Coluna antimanicomial, antiproibicionista, abolicionista penal e anticapitalista. Esse espaço se propõe a receber relatos de pessoas que têm ou já tiveram alguma experiência com a loucura: 1) pessoas da classe trabalhadora (dos segmentos de pessoas usuárias, familiares, trabalhadoras, gestoras, estudantes, residentes, defensoras públicas, pesquisadoras) que já viveram a experiência da loucura, do sofrimento psicossocial, já foram atendidas ou deixaram de ser atendidas e/ou trabalham ou trabalharam em algum dispositivo de saúde e/ou assistência do SUS, de entidades privadas ou do terceiro setor; 2) pessoas egressas do sistema prisional; 3) pessoas sobreviventes de manicômios, como comunidades terapêuticas e hospitais psiquiátricos, e outras instituições asilares; 4) pessoas do controle social; 5) pessoas da sociedade civil organizada, movimentos sociais Antimanicomiais, Antiproibicionistas, Abolicionistas Penais, Antirracistas, AntiLGBTFóbicos, Anticapitalistas e Feministas.
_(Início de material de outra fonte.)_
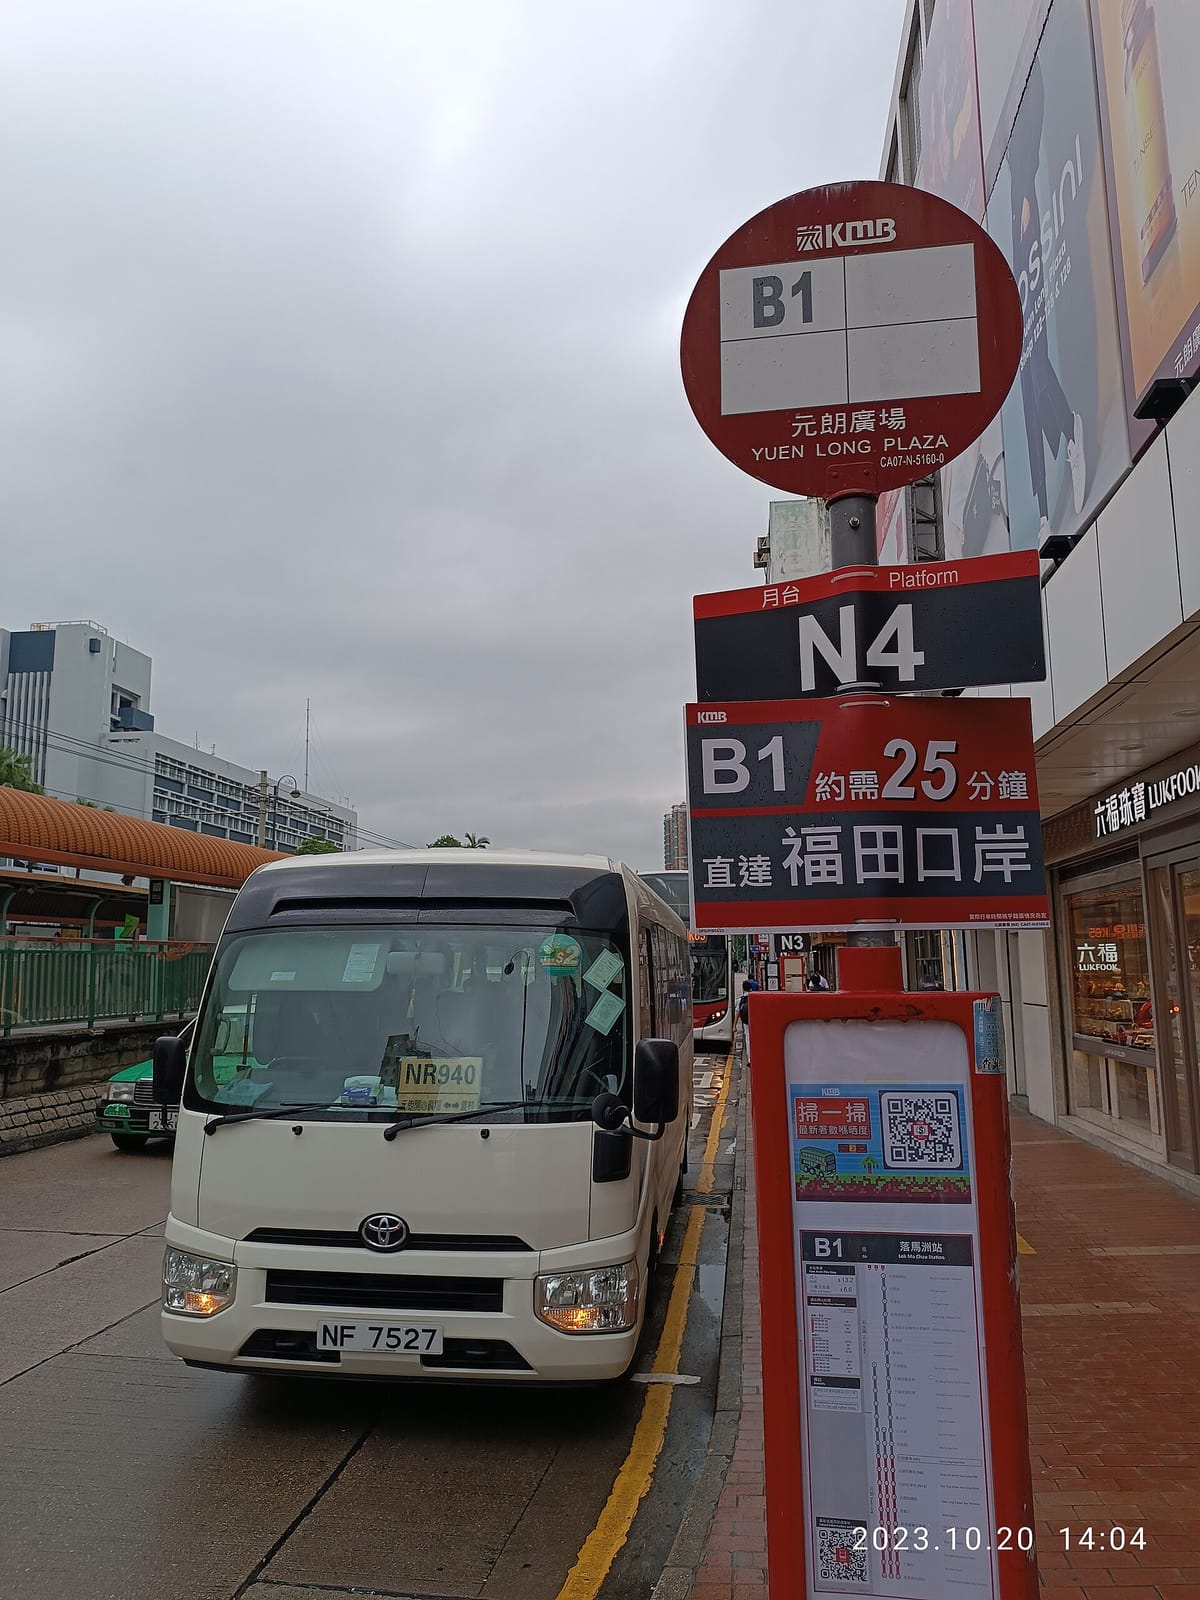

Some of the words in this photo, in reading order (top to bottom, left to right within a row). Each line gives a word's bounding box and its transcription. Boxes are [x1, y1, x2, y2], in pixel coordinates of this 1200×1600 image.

[825, 218, 897, 248] KMB
[1018, 133, 1083, 313] ossini
[752, 271, 814, 329] B1
[791, 408, 907, 438] 元朗廣場
[752, 444, 805, 462] YUEN
[816, 439, 872, 458] LONG
[884, 434, 949, 452] PLAZA
[880, 453, 945, 469] CA07-N-5160-0
[889, 568, 959, 589] Platform
[761, 585, 800, 608] 月台
[798, 603, 925, 692] N4
[697, 711, 728, 724] KMB
[701, 736, 786, 795] B1
[1094, 782, 1146, 838] 六福珠寶
[781, 935, 804, 950] N3
[1077, 943, 1118, 963] 六福
[1079, 963, 1118, 971] LUKFOOK
[405, 1063, 476, 1085] NR940
[822, 1087, 841, 1097] KMB
[798, 1102, 867, 1124] 掃一掃
[814, 1237, 843, 1258] B1
[899, 1241, 943, 1254] 落馬洲站
[322, 1325, 356, 1347] NF
[368, 1326, 437, 1350] 7527
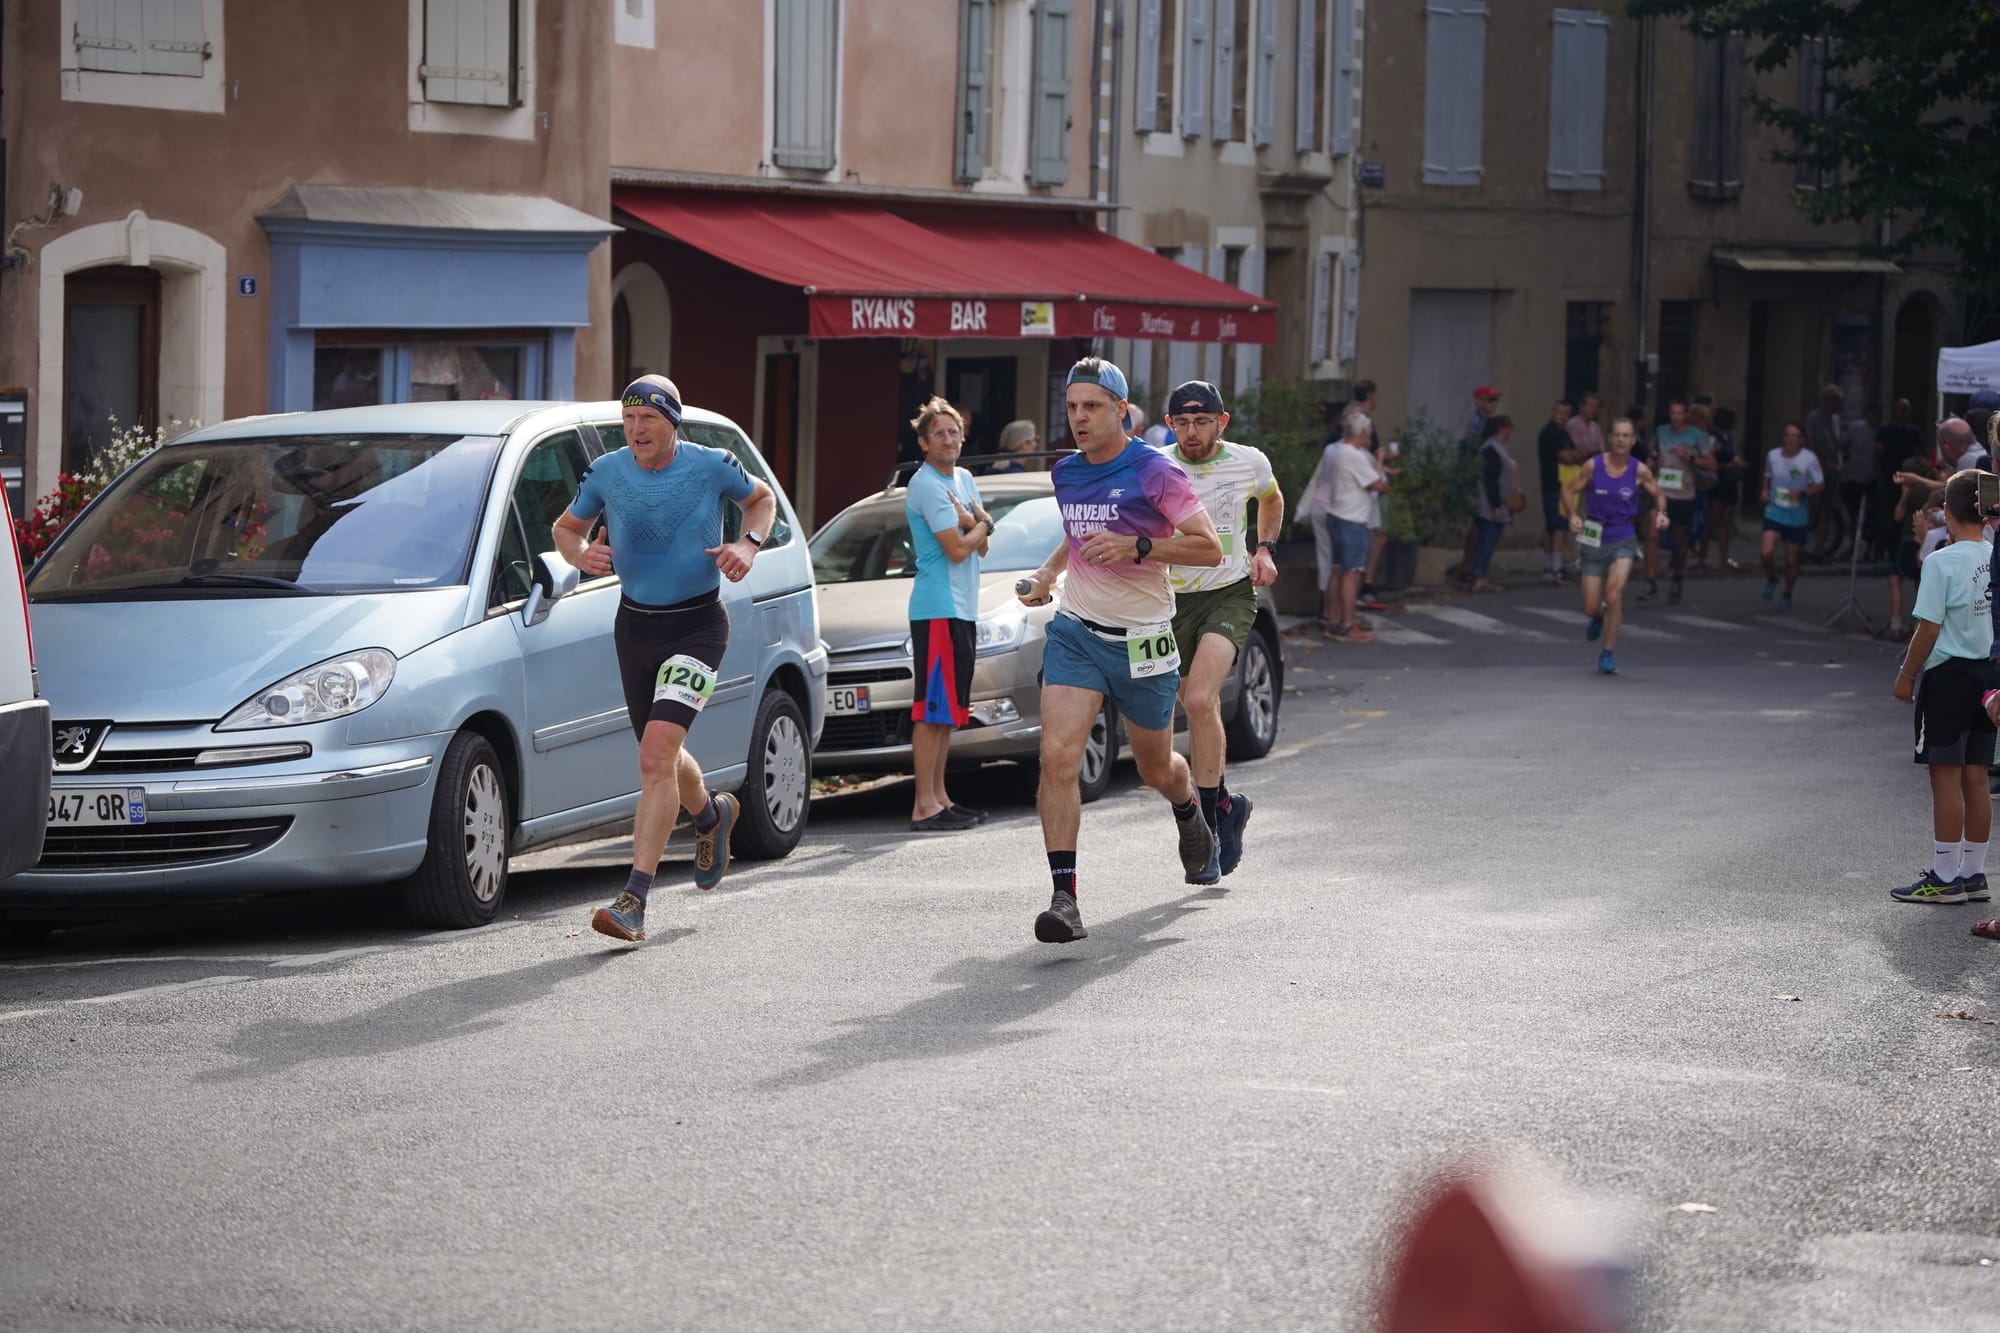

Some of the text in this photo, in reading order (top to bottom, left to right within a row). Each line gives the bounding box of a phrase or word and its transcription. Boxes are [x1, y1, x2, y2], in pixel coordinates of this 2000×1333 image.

[244, 279, 252, 294] 6
[851, 299, 916, 330] RYAN'S
[950, 301, 988, 331] BAR
[1092, 305, 1117, 331] Chez
[663, 665, 706, 692] 120
[130, 805, 144, 818] 59
Temos como princípio o fim de tudo que aprisiona e tutela e lutamos por uma sociedade sem manicômios, sem comunidades terapêuticas e sem prisões!

COLUNISTAS

Monica Vasconcellos Cruvinel – Mulher, latinoamericana, feminista, escrivinhadora, mãe, usuária da RAPS, militante da Resistência-Campinas, da Luta Antimanicomial pela Coletiva Livre Nacional de Mulheres e Saúde Mental Antimanicomial (CLNMSMA) e Conselheira Municipal de Saúde;

Laura Fusaro Camey – Militante da Rede Nacional Internúcleos da Luta Antimanicomial (RENILA);

Andréa Santos Miron – Mulher, feminista, apaixonada pelo Sistema Único de Saúde, por fazer trilhas e astronôma amadora; Assistente Social de formação pela Universidade Federal de São Paulo, pós-graduada em Saúde Pública, Saúde Mental e Psiquiatria; Militante pela Resistência / Psol – Mauá/SP, pela Coletiva Livre Nacional de Mulheres e Saúde Mental Antimanicomial, pelo Fórum Paulista da Luta da Luta Antimanicomial e Movimento Nacional da Luta Antimanicomial.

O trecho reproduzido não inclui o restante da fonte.